In May 2018, at the bank's Annual General Meeting, the shareholders' approved plans to cross-list the stock of the bank on the Nairobi Stock Exchange (NSE), the largest in the East African Community. The cross-listing and the planned rights issue, both planned during the second half of 2018, are expected to raise US$70 million, to be deployed on the acquisition of new, improved ICT systems ($20 million), with the rest deployed in loans to support infrastructure projects at home. In October 2018, the EastAfrican, a regional English language newspaper reported that the stock of Bank of Kigali was expected to list on the Nairobi stock exchange on 30 November 2018.

==Branch network==
As of December 2018, the bank maintained 79 networked branches, nearly 100 automated teller machines, more than 1,427 banking agents, six mobile banking vans and employed over 1,200 staff.

==Governance==
The bank is supervised by a board of directors led by chairman of the board, a position currently held by Eugene Ubalijoro.
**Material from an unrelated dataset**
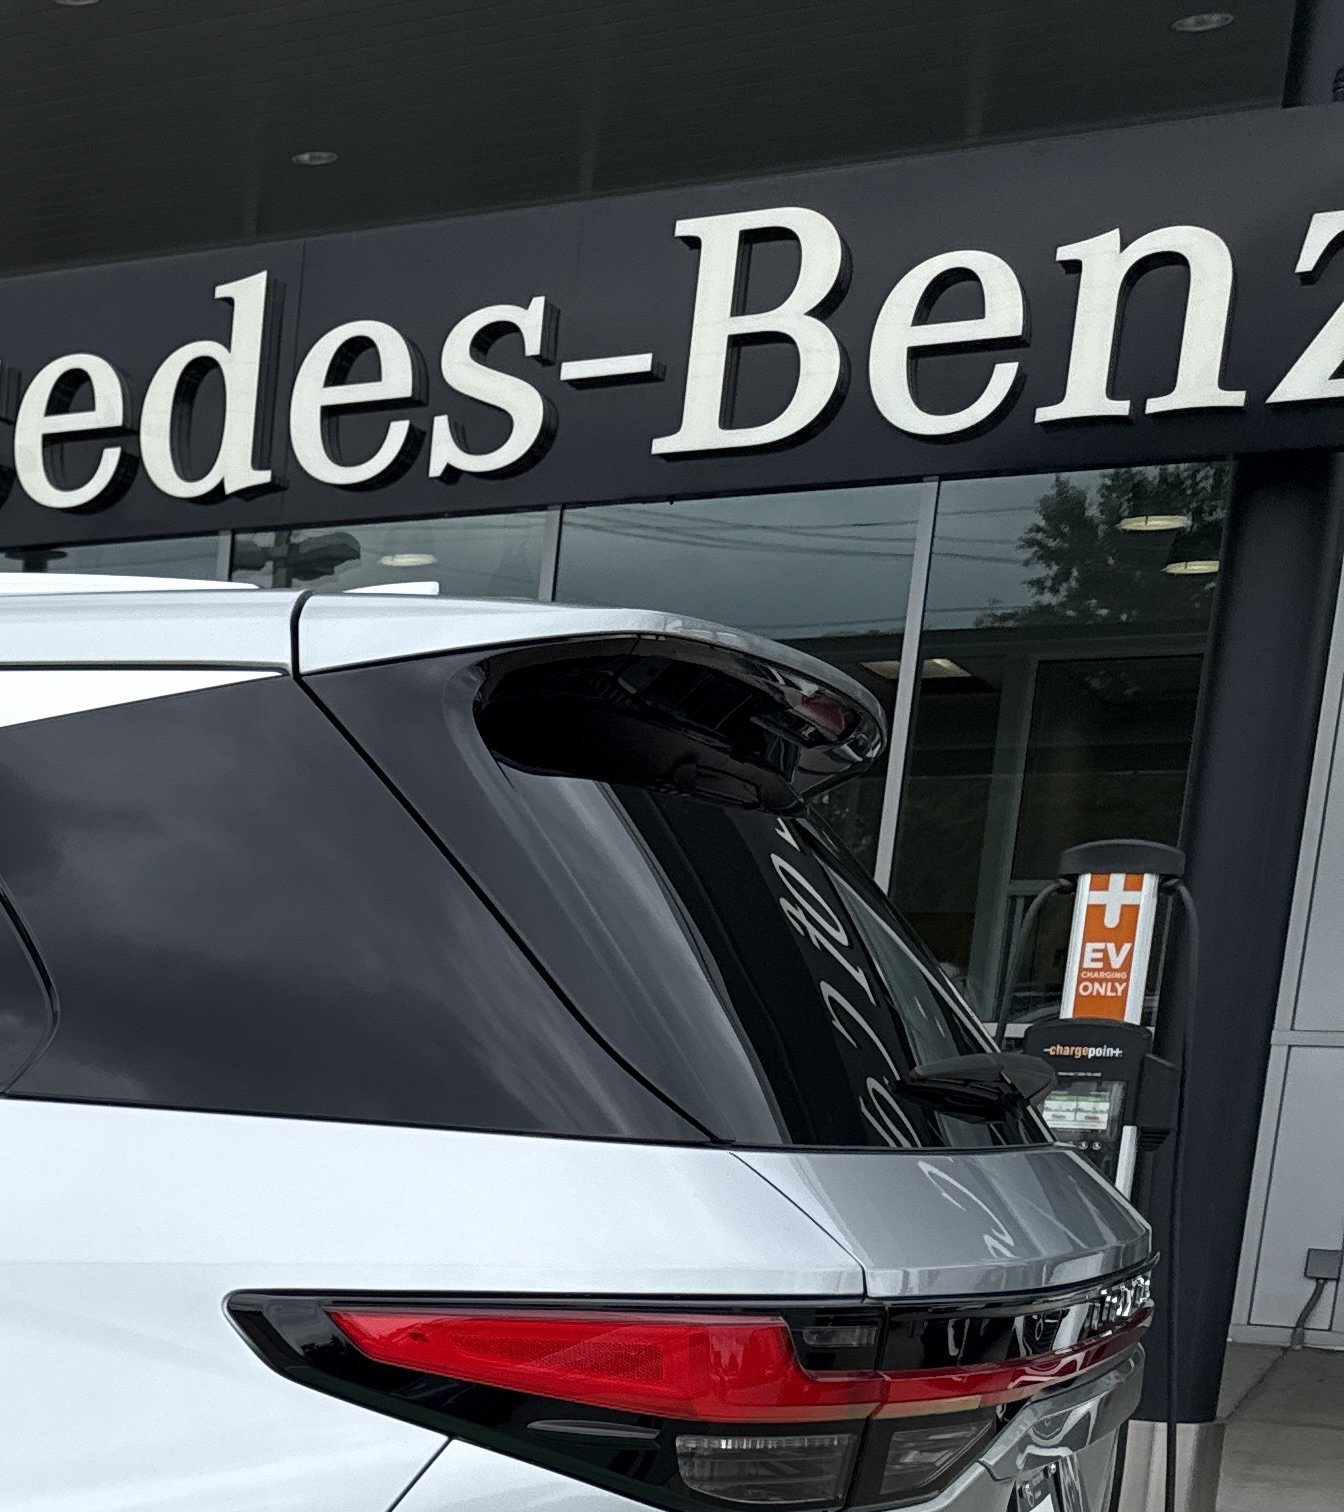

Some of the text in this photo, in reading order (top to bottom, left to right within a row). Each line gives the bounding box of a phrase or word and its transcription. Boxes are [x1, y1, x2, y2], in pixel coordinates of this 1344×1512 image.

The day-to-day activities of the bank are administered by a ten-person executive management team headed by the chief executive officer, Dr. Diane Karusisi.

==Shareholding==
The shares of Stock of the bank's holding company, Bank of Kigali Group Plc, are primarily listed on the Rwanda Stock Exchange and are cross-listed on the Nairobi Stock Exchange. As of December 2019, the ownership of the bank's stock stood as depicted in the table below:

| Rank | Owner | Percentage ownership |
|---|---|---|
| 1 | Social Security Board of Rwanda | 34.3% |
| 2 | International institutional investors | 22.4% |
| 3 | Agaciro Development Fund | 22.0% |
| 4 | Regional institutional investors | 12.3% |
| 5 | Retail investors | 7.2% |
| 6 | BK employees & directors | 1.1% |
| 7 | Local institutional investors | 0.6% |
| 8 | Other state owned entities | 0.1% |
|  | Total | 100.00% |

- Note:Totals may be slightly off due to rounding.